Extracted material:
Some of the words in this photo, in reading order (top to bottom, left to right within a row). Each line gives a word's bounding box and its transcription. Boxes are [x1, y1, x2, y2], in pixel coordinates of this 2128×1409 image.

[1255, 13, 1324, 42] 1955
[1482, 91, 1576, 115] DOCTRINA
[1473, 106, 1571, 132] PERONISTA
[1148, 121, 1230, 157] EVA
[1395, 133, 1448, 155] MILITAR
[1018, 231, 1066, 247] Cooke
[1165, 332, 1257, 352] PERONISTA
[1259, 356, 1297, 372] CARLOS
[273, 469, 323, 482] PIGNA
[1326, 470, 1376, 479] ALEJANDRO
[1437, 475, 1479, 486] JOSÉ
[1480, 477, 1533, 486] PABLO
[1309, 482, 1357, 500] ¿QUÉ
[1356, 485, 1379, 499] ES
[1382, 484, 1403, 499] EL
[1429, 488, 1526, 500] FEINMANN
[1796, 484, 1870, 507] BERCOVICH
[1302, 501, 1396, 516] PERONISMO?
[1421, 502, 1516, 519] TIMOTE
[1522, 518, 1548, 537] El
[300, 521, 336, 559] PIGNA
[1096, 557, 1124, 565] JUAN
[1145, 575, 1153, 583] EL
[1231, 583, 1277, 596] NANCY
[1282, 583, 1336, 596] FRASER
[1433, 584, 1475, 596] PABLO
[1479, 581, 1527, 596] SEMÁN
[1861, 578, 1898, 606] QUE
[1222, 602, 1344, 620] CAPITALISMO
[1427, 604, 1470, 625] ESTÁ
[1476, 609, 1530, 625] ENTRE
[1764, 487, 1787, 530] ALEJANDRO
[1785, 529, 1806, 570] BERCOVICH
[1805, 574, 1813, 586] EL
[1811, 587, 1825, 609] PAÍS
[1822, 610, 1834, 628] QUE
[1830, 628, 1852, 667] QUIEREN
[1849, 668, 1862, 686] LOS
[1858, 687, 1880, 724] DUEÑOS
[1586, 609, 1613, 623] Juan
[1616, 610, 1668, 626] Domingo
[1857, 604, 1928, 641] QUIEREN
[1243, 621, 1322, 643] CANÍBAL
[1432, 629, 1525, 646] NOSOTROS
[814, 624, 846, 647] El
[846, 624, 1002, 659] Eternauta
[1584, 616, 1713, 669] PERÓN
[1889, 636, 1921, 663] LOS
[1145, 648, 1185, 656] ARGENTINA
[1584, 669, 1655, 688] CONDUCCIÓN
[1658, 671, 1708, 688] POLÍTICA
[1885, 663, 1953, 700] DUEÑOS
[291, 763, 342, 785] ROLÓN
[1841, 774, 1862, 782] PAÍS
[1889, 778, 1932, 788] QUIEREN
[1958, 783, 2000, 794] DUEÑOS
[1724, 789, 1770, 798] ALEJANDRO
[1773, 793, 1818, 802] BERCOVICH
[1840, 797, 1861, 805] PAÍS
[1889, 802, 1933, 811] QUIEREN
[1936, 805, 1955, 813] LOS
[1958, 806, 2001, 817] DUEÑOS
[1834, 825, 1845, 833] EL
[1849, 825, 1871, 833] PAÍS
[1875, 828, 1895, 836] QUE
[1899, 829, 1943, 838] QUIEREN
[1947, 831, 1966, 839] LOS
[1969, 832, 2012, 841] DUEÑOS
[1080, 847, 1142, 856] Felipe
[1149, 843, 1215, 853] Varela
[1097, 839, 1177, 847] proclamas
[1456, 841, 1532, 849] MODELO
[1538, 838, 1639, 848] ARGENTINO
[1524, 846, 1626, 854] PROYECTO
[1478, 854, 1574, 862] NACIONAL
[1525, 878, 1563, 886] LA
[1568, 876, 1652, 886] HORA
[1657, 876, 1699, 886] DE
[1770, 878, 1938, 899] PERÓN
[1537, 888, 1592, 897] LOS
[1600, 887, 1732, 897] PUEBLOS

Exercise requirements:
Every entry must come back exactly as written above.

Response box:
Some of the words in this photo, in reading order (top to bottom, left to right within a row). Each line gives a word's bounding box and its transcription. Boxes are [x1, y1, x2, y2], in pixel coordinates of this 2128×1409 image.

[1255, 13, 1324, 42] 1955
[1482, 91, 1576, 115] DOCTRINA
[1473, 106, 1571, 132] PERONISTA
[1148, 121, 1230, 157] EVA
[1395, 133, 1448, 155] MILITAR
[1018, 231, 1066, 247] Cooke
[1165, 332, 1257, 352] PERONISTA
[1259, 356, 1297, 372] CARLOS
[273, 469, 323, 482] PIGNA
[1326, 470, 1376, 479] ALEJANDRO
[1437, 475, 1479, 486] JOSÉ
[1480, 477, 1533, 486] PABLO
[1309, 482, 1357, 500] ¿QUÉ
[1356, 485, 1379, 499] ES
[1382, 484, 1403, 499] EL
[1429, 488, 1526, 500] FEINMANN
[1796, 484, 1870, 507] BERCOVICH
[1302, 501, 1396, 516] PERONISMO?
[1421, 502, 1516, 519] TIMOTE
[1522, 518, 1548, 537] El
[300, 521, 336, 559] PIGNA
[1096, 557, 1124, 565] JUAN
[1145, 575, 1153, 583] EL
[1231, 583, 1277, 596] NANCY
[1282, 583, 1336, 596] FRASER
[1433, 584, 1475, 596] PABLO
[1479, 581, 1527, 596] SEMÁN
[1861, 578, 1898, 606] QUE
[1222, 602, 1344, 620] CAPITALISMO
[1427, 604, 1470, 625] ESTÁ
[1476, 609, 1530, 625] ENTRE
[1764, 487, 1787, 530] ALEJANDRO
[1785, 529, 1806, 570] BERCOVICH
[1805, 574, 1813, 586] EL
[1811, 587, 1825, 609] PAÍS
[1822, 610, 1834, 628] QUE
[1830, 628, 1852, 667] QUIEREN
[1849, 668, 1862, 686] LOS
[1858, 687, 1880, 724] DUEÑOS
[1586, 609, 1613, 623] Juan
[1616, 610, 1668, 626] Domingo
[1857, 604, 1928, 641] QUIEREN
[1243, 621, 1322, 643] CANÍBAL
[1432, 629, 1525, 646] NOSOTROS
[814, 624, 846, 647] El
[846, 624, 1002, 659] Eternauta
[1584, 616, 1713, 669] PERÓN
[1889, 636, 1921, 663] LOS
[1145, 648, 1185, 656] ARGENTINA
[1584, 669, 1655, 688] CONDUCCIÓN
[1658, 671, 1708, 688] POLÍTICA
[1885, 663, 1953, 700] DUEÑOS
[291, 763, 342, 785] ROLÓN
[1841, 774, 1862, 782] PAÍS
[1889, 778, 1932, 788] QUIEREN
[1958, 783, 2000, 794] DUEÑOS
[1724, 789, 1770, 798] ALEJANDRO
[1773, 793, 1818, 802] BERCOVICH
[1840, 797, 1861, 805] PAÍS
[1889, 802, 1933, 811] QUIEREN
[1936, 805, 1955, 813] LOS
[1958, 806, 2001, 817] DUEÑOS
[1834, 825, 1845, 833] EL
[1849, 825, 1871, 833] PAÍS
[1875, 828, 1895, 836] QUE
[1899, 829, 1943, 838] QUIEREN
[1947, 831, 1966, 839] LOS
[1969, 832, 2012, 841] DUEÑOS
[1080, 847, 1142, 856] Felipe
[1149, 843, 1215, 853] Varela
[1097, 839, 1177, 847] proclamas
[1456, 841, 1532, 849] MODELO
[1538, 838, 1639, 848] ARGENTINO
[1524, 846, 1626, 854] PROYECTO
[1478, 854, 1574, 862] NACIONAL
[1525, 878, 1563, 886] LA
[1568, 876, 1652, 886] HORA
[1657, 876, 1699, 886] DE
[1770, 878, 1938, 899] PERÓN
[1537, 888, 1592, 897] LOS
[1600, 887, 1732, 897] PUEBLOS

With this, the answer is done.